| What this task involves |
In the data below, reproduce everything exactly except the images.

| Extracted data |

BEGIN

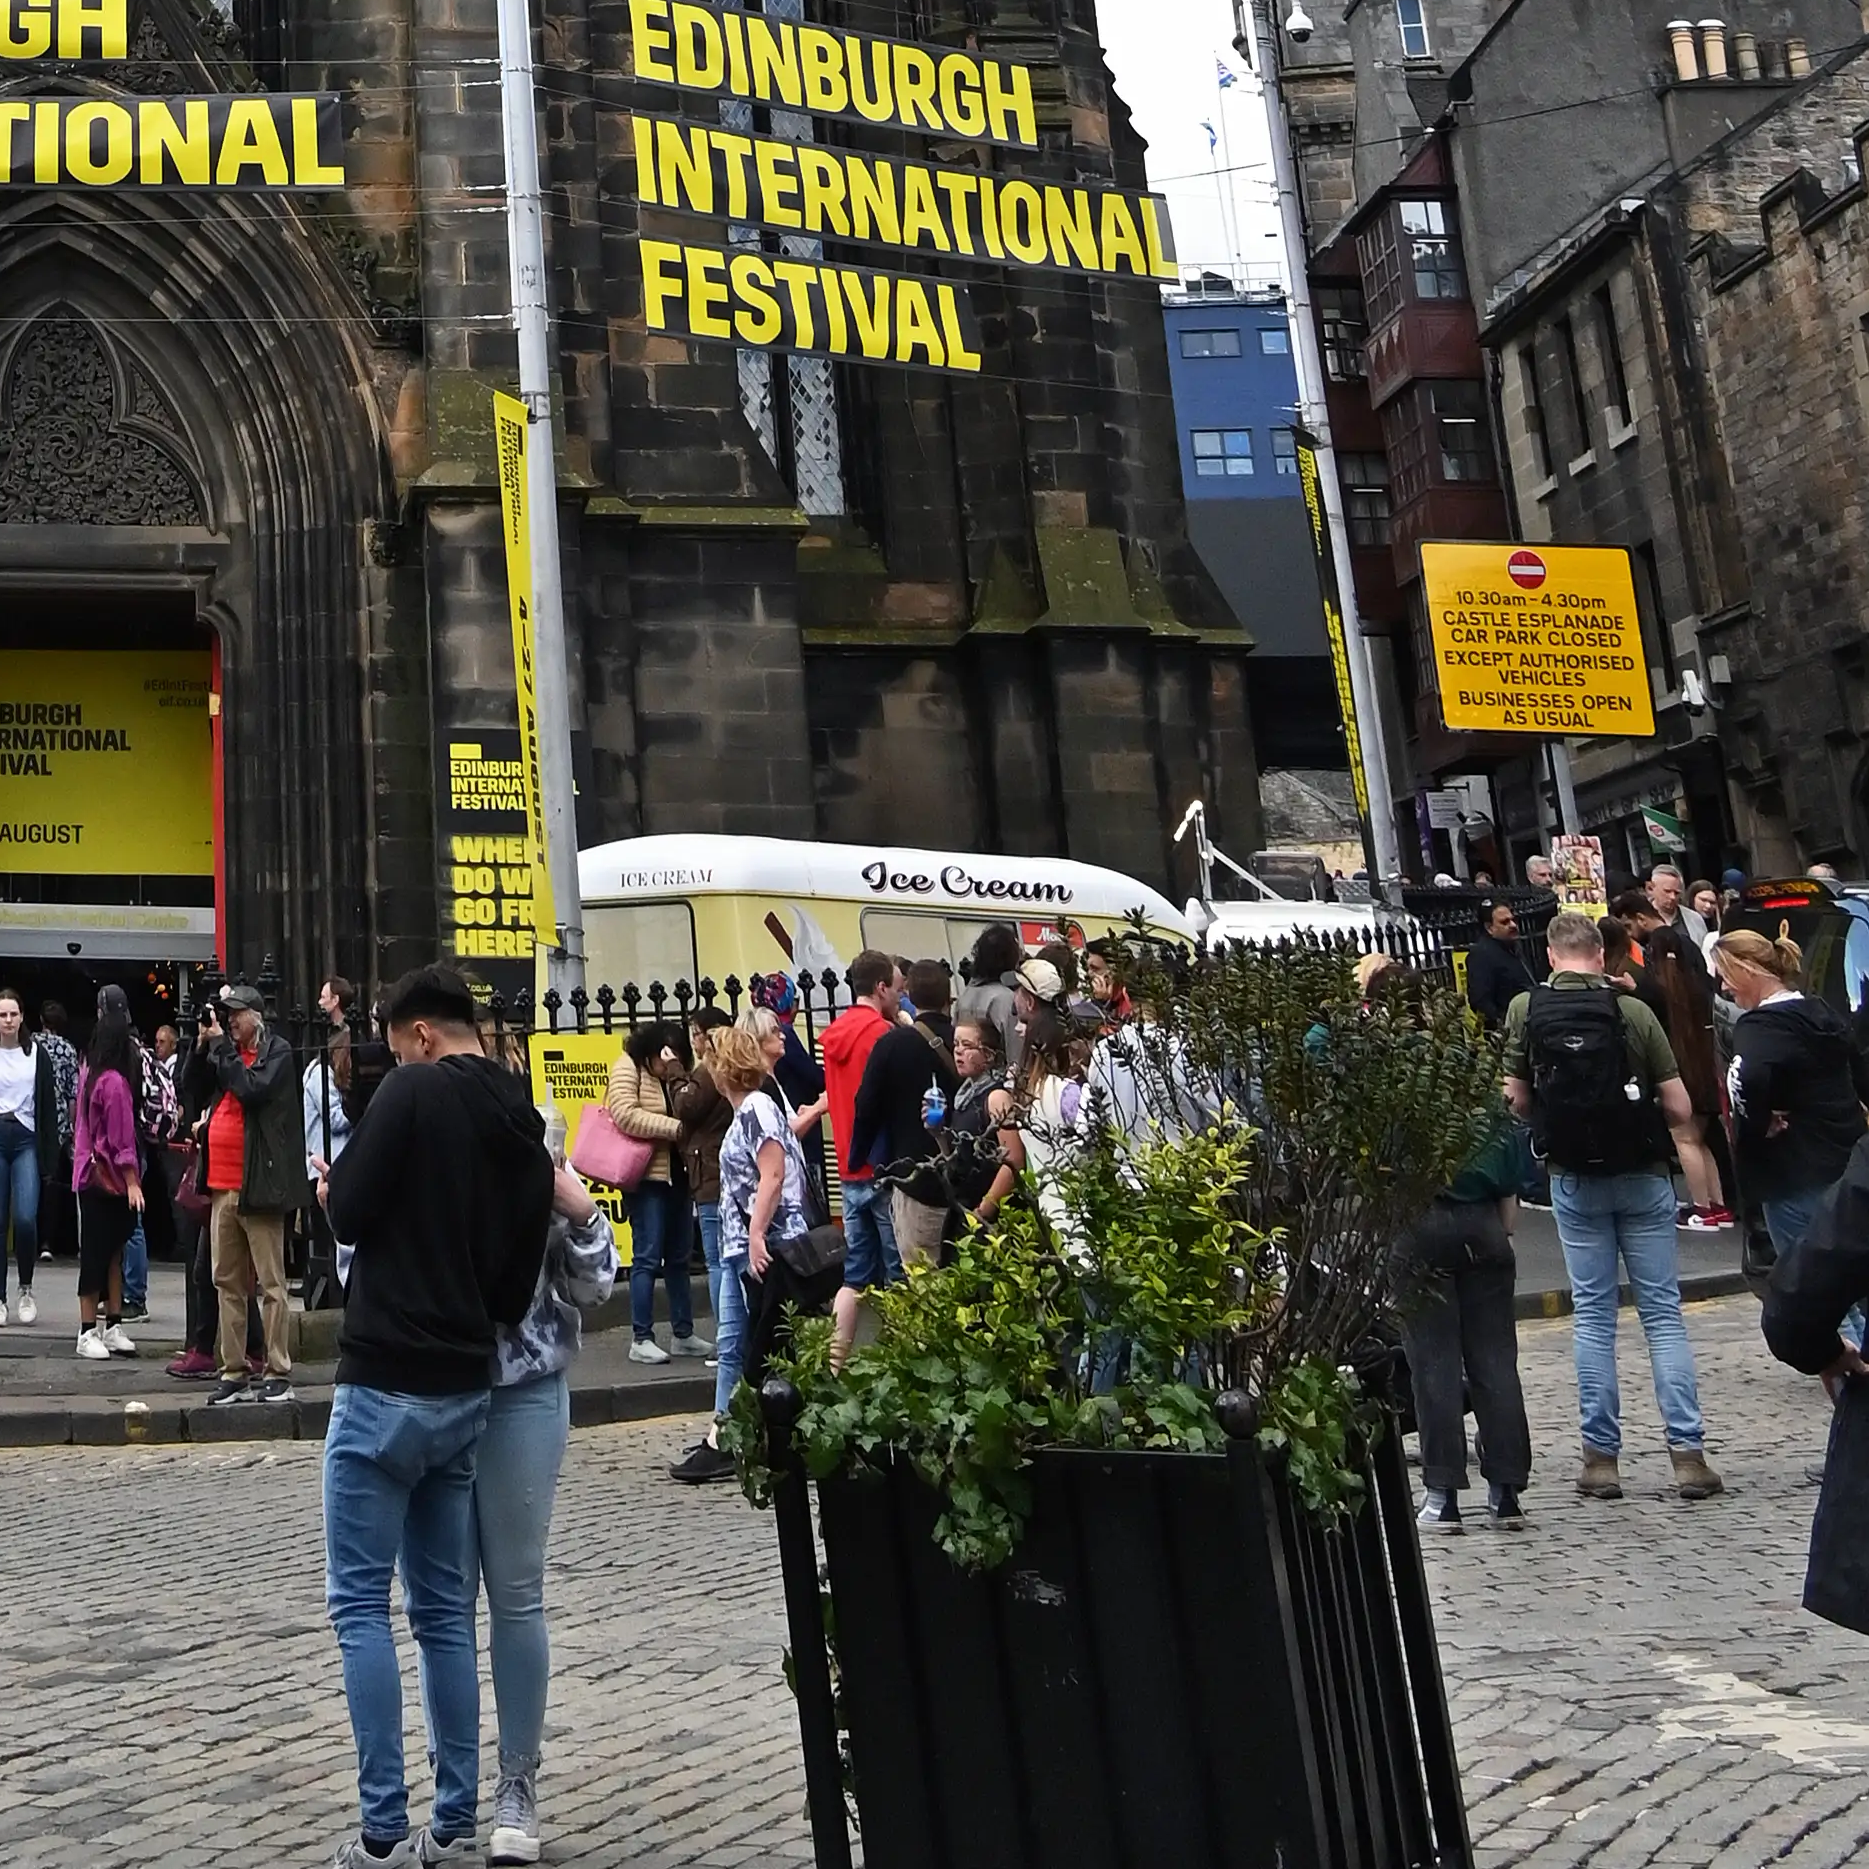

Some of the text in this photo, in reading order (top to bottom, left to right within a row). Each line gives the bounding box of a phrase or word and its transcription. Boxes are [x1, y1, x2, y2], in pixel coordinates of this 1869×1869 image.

[632, 117, 1178, 277] INTERNATIONAL
[639, 241, 981, 371] FESTIVAL
[1457, 591, 1527, 607] 10.30am
[1541, 593, 1606, 610] 4.30pm
[1443, 610, 1625, 630] CASTLE ESPLANADE
[1451, 628, 1622, 648] CAR PARK CLOSED
[1444, 650, 1634, 670] EXCEPT AUTHORISED
[1499, 669, 1586, 686] VEHICLES
[1459, 690, 1632, 711] BUSINESSES OPEN
[1503, 710, 1594, 727] AS USUAL
[450, 761, 525, 776] EDINBUR
[526, 704, 546, 873] AUGUST
[452, 794, 527, 811] FESTIVAL
[451, 835, 529, 863] WHE
[452, 866, 533, 895] DO W
[620, 868, 713, 887] ICE CREAM
[861, 861, 1073, 904] Ice Cream
[453, 898, 535, 926] GO FR
[544, 1063, 607, 1074] EDINBURGH
[545, 1075, 609, 1087] INTERNATIO
[552, 1087, 596, 1099] ESTIVAL

END

| Answer box |
Some of the text in this photo, in reading order (top to bottom, left to right within a row). Each line gives the bounding box of a phrase or word and its transcription. Boxes are [x1, y1, x2, y2], in pixel coordinates of this 1869×1869 image.

[632, 117, 1178, 277] INTERNATIONAL
[639, 241, 981, 371] FESTIVAL
[1457, 591, 1527, 607] 10.30am
[1541, 593, 1606, 610] 4.30pm
[1443, 610, 1625, 630] CASTLE ESPLANADE
[1451, 628, 1622, 648] CAR PARK CLOSED
[1444, 650, 1634, 670] EXCEPT AUTHORISED
[1499, 669, 1586, 686] VEHICLES
[1459, 690, 1632, 711] BUSINESSES OPEN
[1503, 710, 1594, 727] AS USUAL
[450, 761, 525, 776] EDINBUR
[526, 704, 546, 873] AUGUST
[452, 794, 527, 811] FESTIVAL
[451, 835, 529, 863] WHE
[452, 866, 533, 895] DO W
[620, 868, 713, 887] ICE CREAM
[861, 861, 1073, 904] Ice Cream
[453, 898, 535, 926] GO FR
[544, 1063, 607, 1074] EDINBURGH
[545, 1075, 609, 1087] INTERNATIO
[552, 1087, 596, 1099] ESTIVAL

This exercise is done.